_YOUR OBJECTIVE_: Copy out the entries exactly, and wherever a picture appears, leave it out.

_DATASET ENTRIES_:

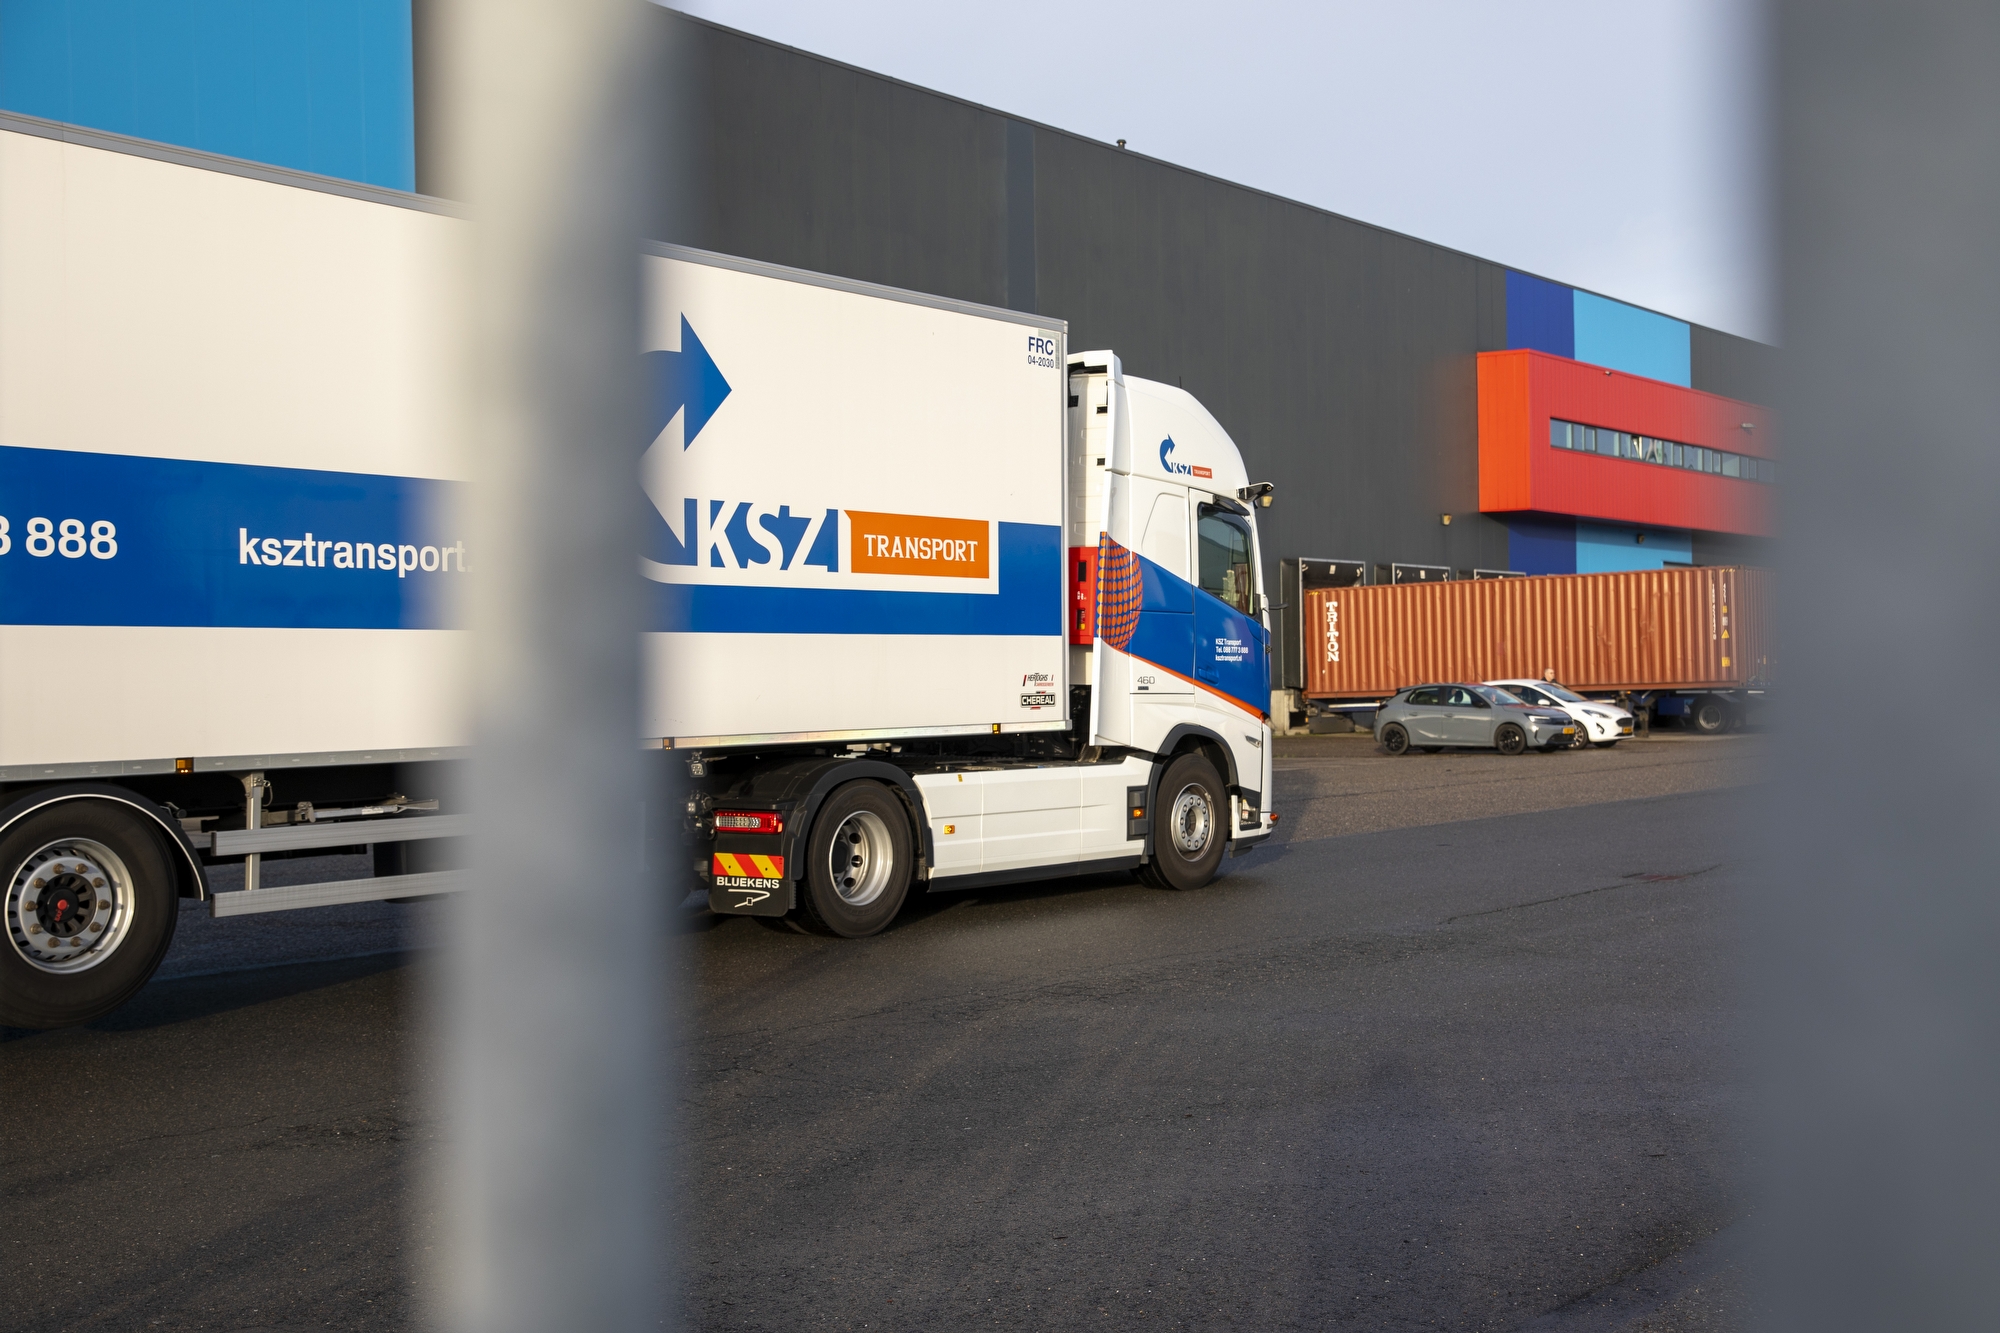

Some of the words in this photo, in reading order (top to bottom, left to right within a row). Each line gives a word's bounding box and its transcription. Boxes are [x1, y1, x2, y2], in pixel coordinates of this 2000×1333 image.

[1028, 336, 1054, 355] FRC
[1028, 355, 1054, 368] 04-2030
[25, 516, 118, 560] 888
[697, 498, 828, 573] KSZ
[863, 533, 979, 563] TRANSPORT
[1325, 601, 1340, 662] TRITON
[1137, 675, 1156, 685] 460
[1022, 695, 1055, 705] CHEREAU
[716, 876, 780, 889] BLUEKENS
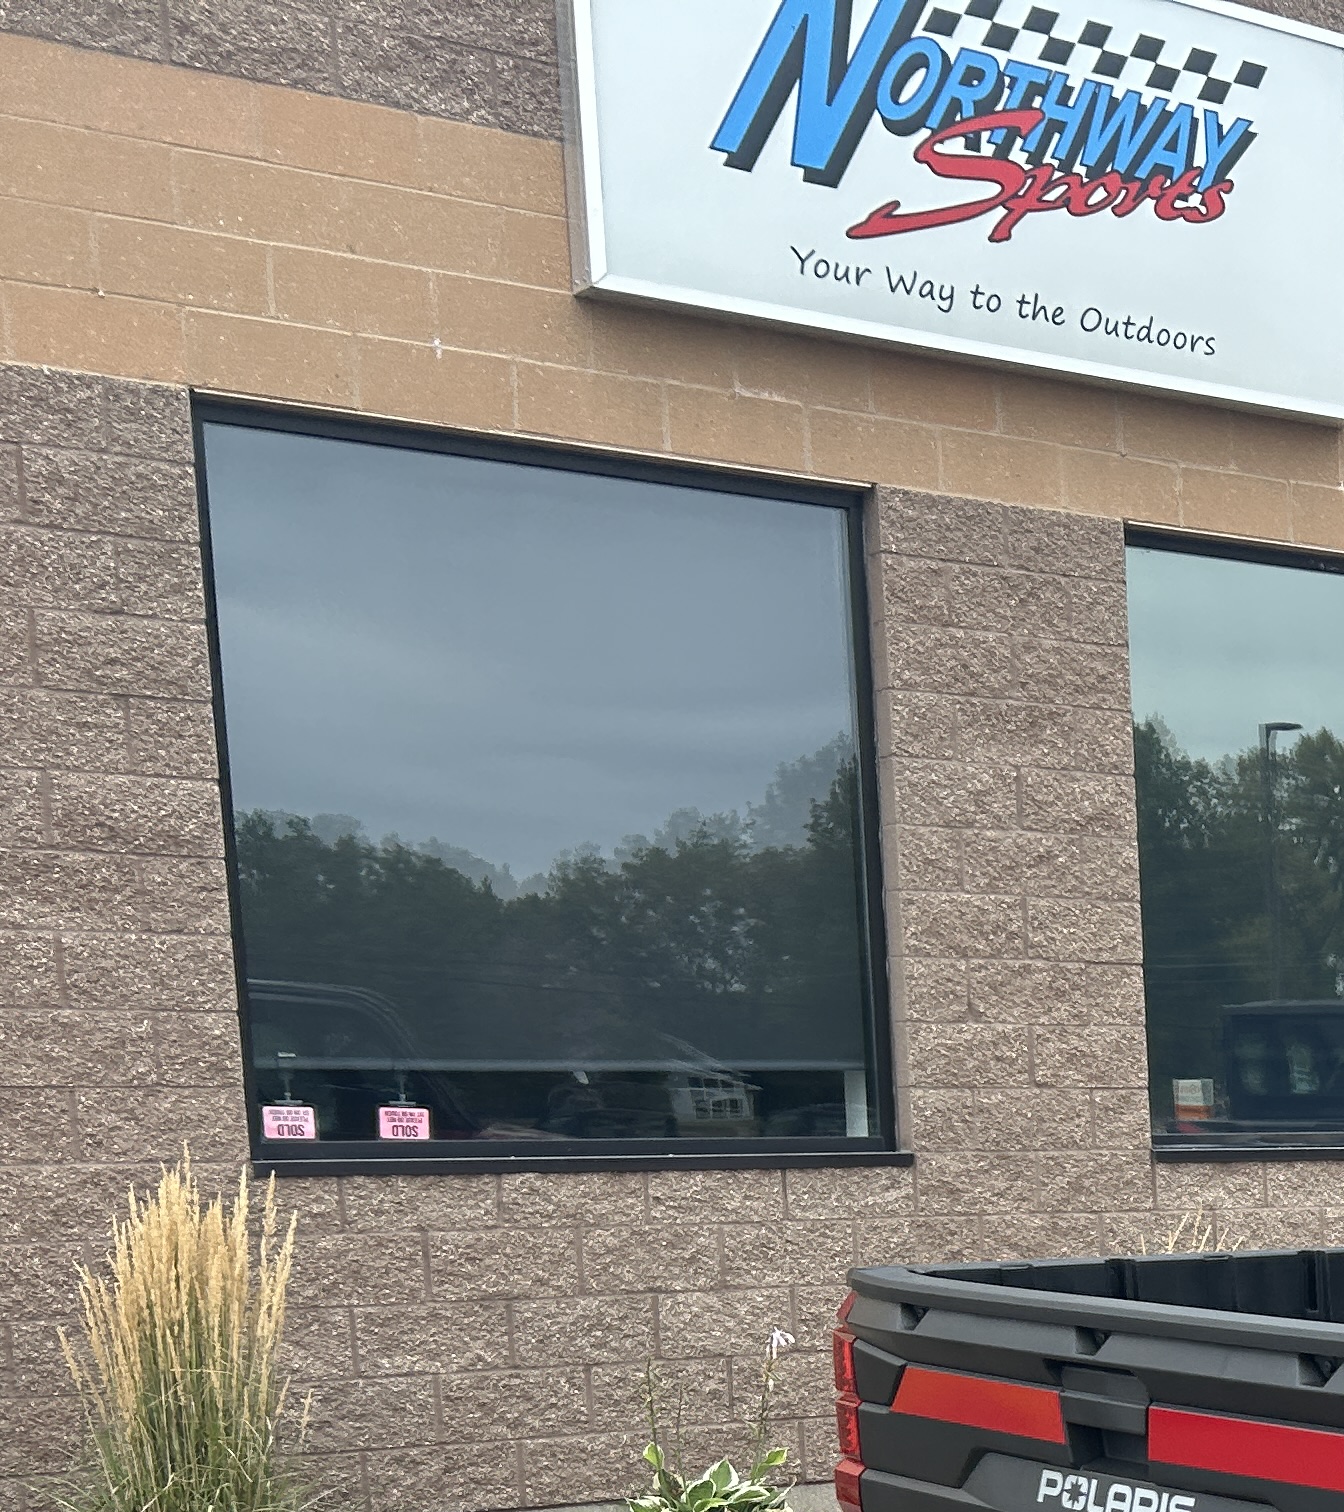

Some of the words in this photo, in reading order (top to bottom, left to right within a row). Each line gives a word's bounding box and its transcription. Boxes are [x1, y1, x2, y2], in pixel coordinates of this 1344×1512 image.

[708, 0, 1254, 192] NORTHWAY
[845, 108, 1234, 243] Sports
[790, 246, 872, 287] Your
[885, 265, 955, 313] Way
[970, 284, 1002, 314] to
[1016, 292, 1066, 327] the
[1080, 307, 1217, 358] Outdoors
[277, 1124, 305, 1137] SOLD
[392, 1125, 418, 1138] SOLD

_EXERCISE SOLUTION_:
Some of the words in this photo, in reading order (top to bottom, left to right within a row). Each line gives a word's bounding box and its transcription. Boxes are [x1, y1, x2, y2], in pixel coordinates of this 2000×1333 image.

[1028, 336, 1054, 355] FRC
[1028, 355, 1054, 368] 04-2030
[25, 516, 118, 560] 888
[697, 498, 828, 573] KSZ
[863, 533, 979, 563] TRANSPORT
[1325, 601, 1340, 662] TRITON
[1137, 675, 1156, 685] 460
[1022, 695, 1055, 705] CHEREAU
[716, 876, 780, 889] BLUEKENS

Some of the words in this photo, in reading order (top to bottom, left to right within a row). Each line gives a word's bounding box and its transcription. Boxes are [x1, y1, x2, y2], in pixel coordinates of this 1344×1512 image.

[708, 0, 1254, 192] NORTHWAY
[845, 108, 1234, 243] Sports
[790, 246, 872, 287] Your
[885, 265, 955, 313] Way
[970, 284, 1002, 314] to
[1016, 292, 1066, 327] the
[1080, 307, 1217, 358] Outdoors
[277, 1124, 305, 1137] SOLD
[392, 1125, 418, 1138] SOLD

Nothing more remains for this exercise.